In March 2007 we picked up the PR account for Crown Golf. They operated 35 golf clubs and soon we were doing 200+ releases a year – but their course photos didn’t look good in the magazines. I bought a Nikon and thought, I know what sells, I can learn to do this myself. The first shots I took were at a frosty Luffenham Heath GC early one winter’s morning.

From that moment on, I was hooked.

 

Hertfordshire 17th Dawn

 

What differentiates your work from those of others in the field? 

I spend as much time capturing golfers’ faces, as I do trying to make golf holes look beautiful. Having played the game for almost 50 years, I get the emotional side of the game. My images are all about emotion. A transcendent view of a golf hole at dawn or sunset — there’s a lot of human emotion involved when you’re gazing at that.

But people’s faces glow when they’ve just flushed a drive down the middle, or embraced a friend after a blissful round of golf. That’s what you’ll see in my portfolio.

 

Is golf photography similar to doing general landscape photography or are there differences between the two? 

Technically they’re the same — knowing where to focus, stamina, patience and light- but on a golf course shoot you need to have a touch of the devil to find the sweet spot on an apparently bland hole. It’s my job to find the beauty: almost every hole has it somewhere.

A plain-looking golf hole in mid-afternoon can become a Michaelangelo at sunset. And the inherent challenges are different. If you’re photographing a mountain range, maybe an eagle or a woolly yak will unexpectedly appear in your shot. On a golf course, it’ll be a 65-year-old man in shorts.

 

Dreamland 4th Dawn

 

Favorite course you’ve photographed and the one you are most eager to do if the opportunity arises? 

Most memorable photoshoot: Dreamland GC in Baku, Azerbaijan, three times now. A fascinating place and a very imaginative Cynthia Dye McGarey design.

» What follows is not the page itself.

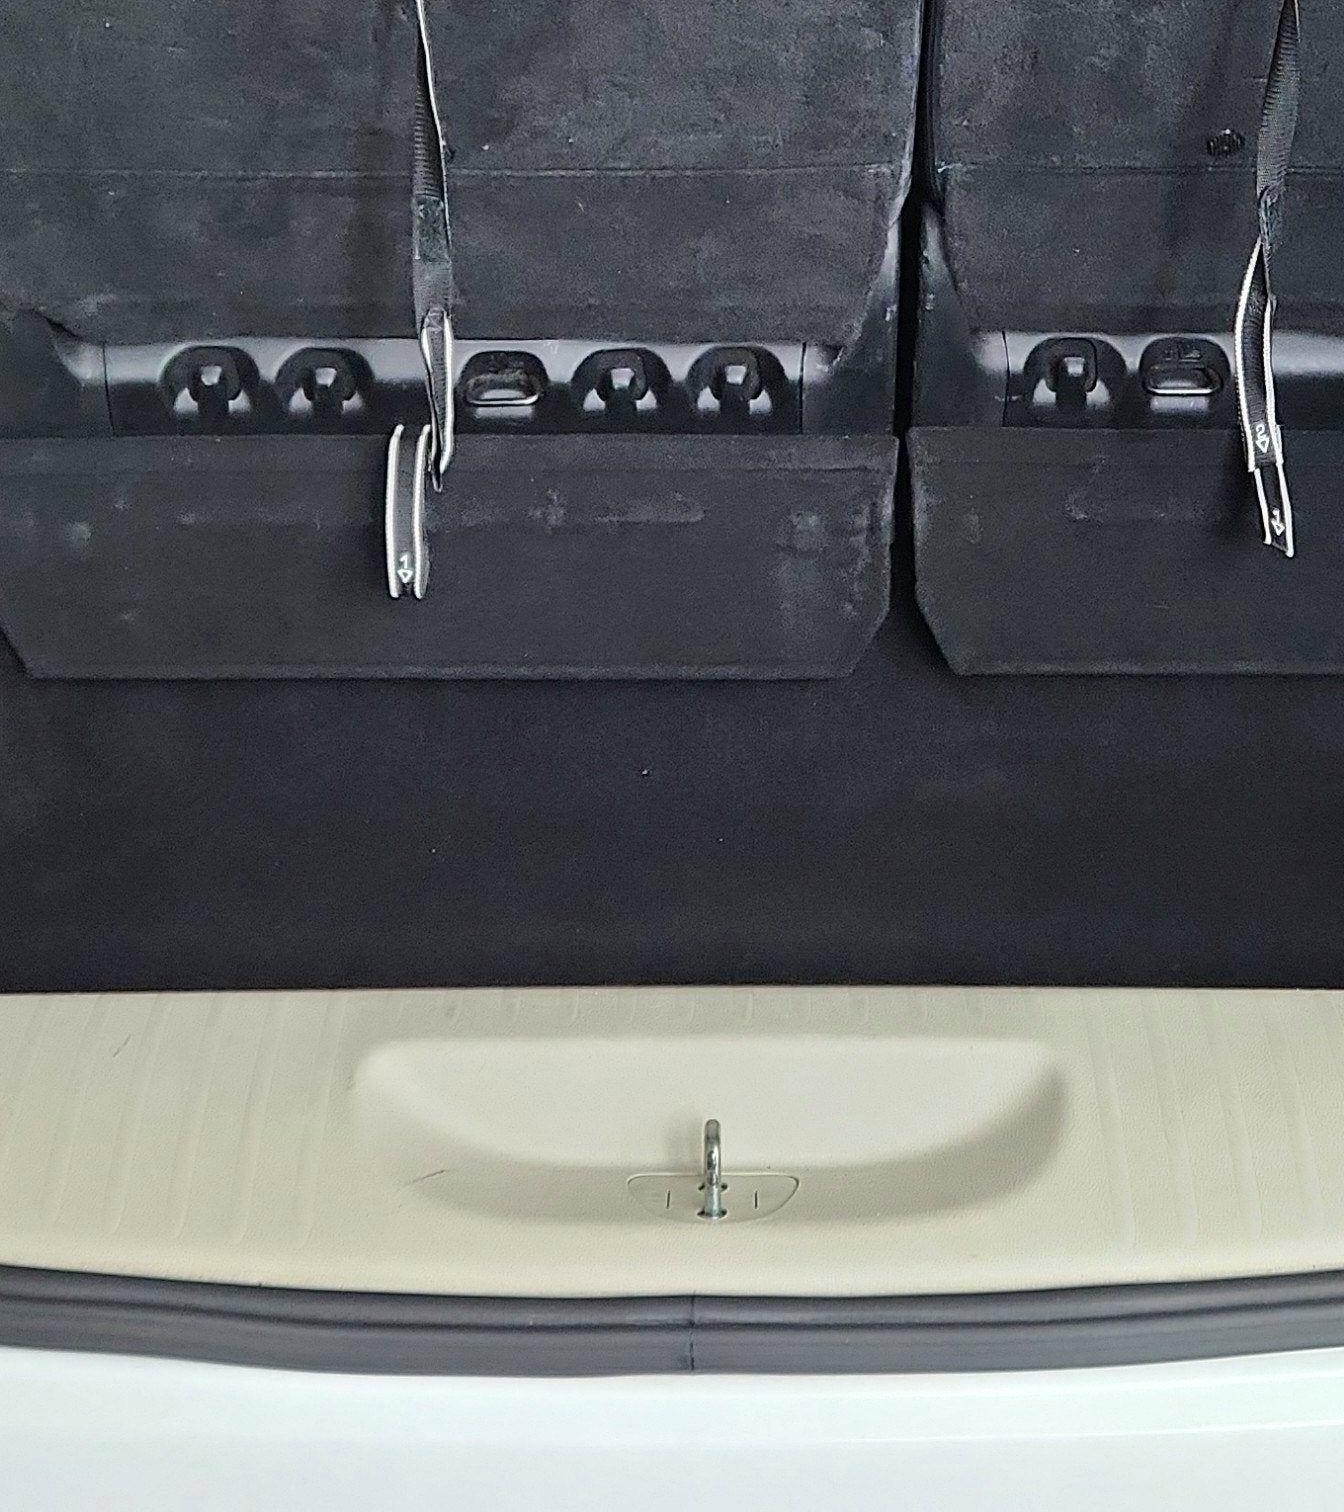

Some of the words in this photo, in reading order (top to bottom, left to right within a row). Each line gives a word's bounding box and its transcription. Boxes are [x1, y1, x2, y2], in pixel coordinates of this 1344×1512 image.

[1255, 423, 1267, 439] 2
[1271, 507, 1281, 523] 1
[399, 553, 408, 569] 1

Favorite course photographed: the Nicklaus at St Mellion, Jack’s first and best in the UK, closely followed by Hilton Park in Scotland. Most eager to photograph? The very photogenic new JCB Golf course in the middle of England. Why? My brother Robin designed it, and I’ve yet to photograph one of his courses.

 

Women golfers are becoming more active with golf

 

Among those who do golf photography who do you see as being among the best and what makes them earn such praise? 

I like Mark Alexander’s work in Scotland. Some of his images have a low-contrast, painterly, slightly pastel-colored look which I adore, and I thoroughly enjoy looking at his photos.

 

Berkhamsted 6th Sunset

 

Biggest mistake amateur photographers make is what? 

Can I have three? Standing in the wrong place, in the wrong light, and not being absolutely precise in where they place the pin in their photos. And not shooting in Manual, not using RAW, and not discovering Lightroom. How many is that?

 

If you could change one thing in golf unilaterally — what would it be and why? 

Allow findable golf balls at amateur level. Colossal pace of play benefits, and the sport becomes much more fun. Purists would hate it, but the technology’s available. In fact, I saw it demonstrated in a snow-covered car park in Belgium almost a decade ago. It really is incredible.

 

Wildernesse 18th Definition

 

The main golf organizations are all seeking ways to attract new players — especially Millennials, women and minorities. If you were counseling them, what would your advice be to accomplish this? 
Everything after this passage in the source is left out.